I find the easiest way to overwhelm a secondary burn stove is to load it up if the stove top is much over 300 degrees.

Even if I need the heat, after a number of "holy cow" fires, I won't put wood in unless things have burned down to that mark. Sometimes to help things along, I've been known to open the air up fully at 425 or even 450 later in the burn.

pen
 
What I hate is getting a full N/S load in and burning and notice that one big split must not be as dry as I thought. I watch the sucker knowing that just about the time I am ready for bed it is gonna finally dry out and all hell is gonna break loose.
Been there done that too many times. Now I've finally wised up and load the night load 2 hours before I plan on going to bed and always go back down after I get out of the shower to check on things
 
knowing that just about the time I am ready for bed it is gonna finally dry out and all hell is gonna break loose.

Yep. Although tonight's issue is not a single split that I'm worried about, but the wind that I just heard pick up outside that is now riling up the stove when I thought I had it in cruise mode..... 5 minutes before bed.

Serves me right, got distracted and the night load came about 40 minutes later than normal.
 
No big deal. Sometimes even under perfect conditions there will be a little smoke but as long as you get it going HOT you are not gumming up anything in a dangerous way. Just check the pipe every month or so until you know what is going on in there and all will be good. Start ups are going to make a little smoke no matter what. part of the process.
 
I wasn't too worried...it's just frustrating, because you just KNOW at some point that smoking split is gonna catch...but when? By 2am there were just some big chucks of glowing coals, so sometime between 10:30 and 1ish, it probably did, because even though it was pine it should still have been less burnt through, I would think.

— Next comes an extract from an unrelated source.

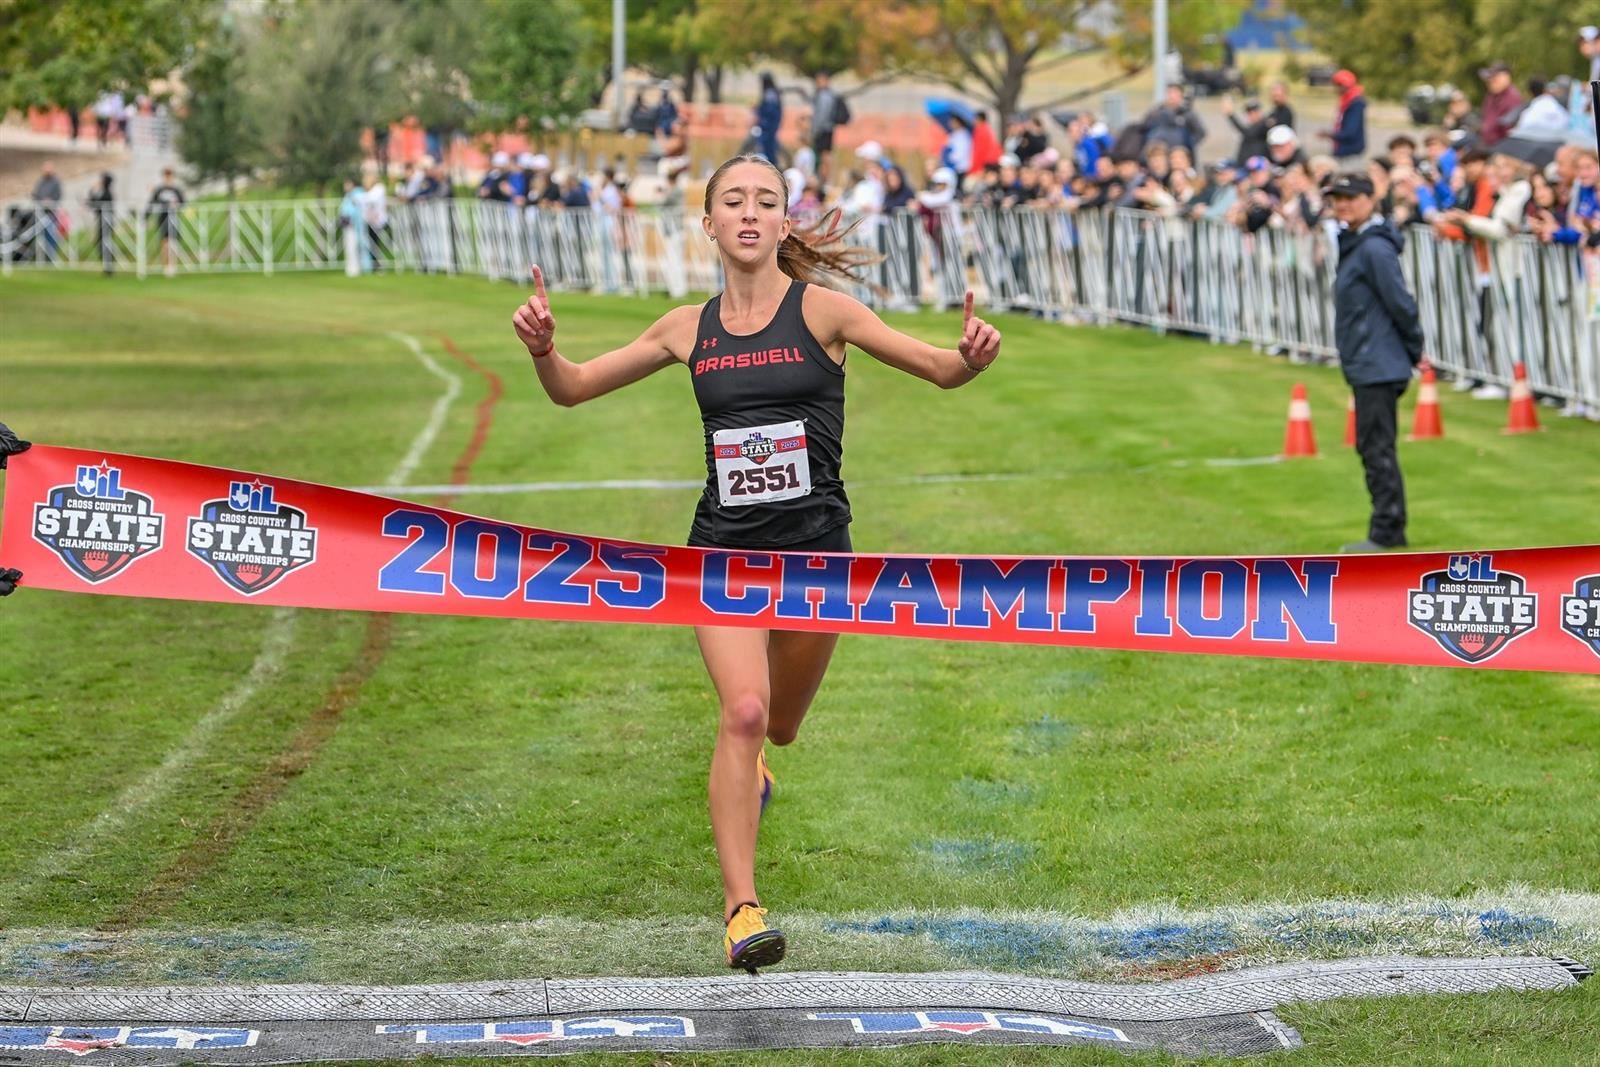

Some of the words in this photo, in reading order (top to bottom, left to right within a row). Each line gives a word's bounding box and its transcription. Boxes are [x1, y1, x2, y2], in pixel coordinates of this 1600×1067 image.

We have had smoke with a top temp reading 650 before. I still wonder if something isn't exactly right with the stove anyway, since we seem to be the only ones that constantly have black glass by the handle no matter how dry the fuel or how hot the stove gets. We even had the dealer replace the door gasket last year, and the handle is at the right tightness. We wanted to try again this year when we knew we had good dry wood, and still, yucky glass. We should have a break in the weather coming, we might let it go cold and replace the gasket AGAIN, ourselves, to see what that does. The dealer did a half horses rear end job on it anyway, just like the install. I'll tell ya, I am not looking forward to when this thing needs parts (since Lopi makes you go to a local dealer...and I really would rather not deal with them EVER again).
 
Black glass: chimney needs cleaning, wood is wet, shutting the air down before a proper heat up, leaky gasket on door or sealing the glass, clogged air intake (including too much ash in the stove).

I don't see what the problem is with one split catching later. Sure, you don't want smoke, but as long as the air is turned down for this one fire- it won't over fire.
 
Black glass: chimney needs cleaning, wood is wet, shutting the air down before a proper heat up, leaky gasket on door or sealing the glass, clogged air intake (including too much ash in the stove).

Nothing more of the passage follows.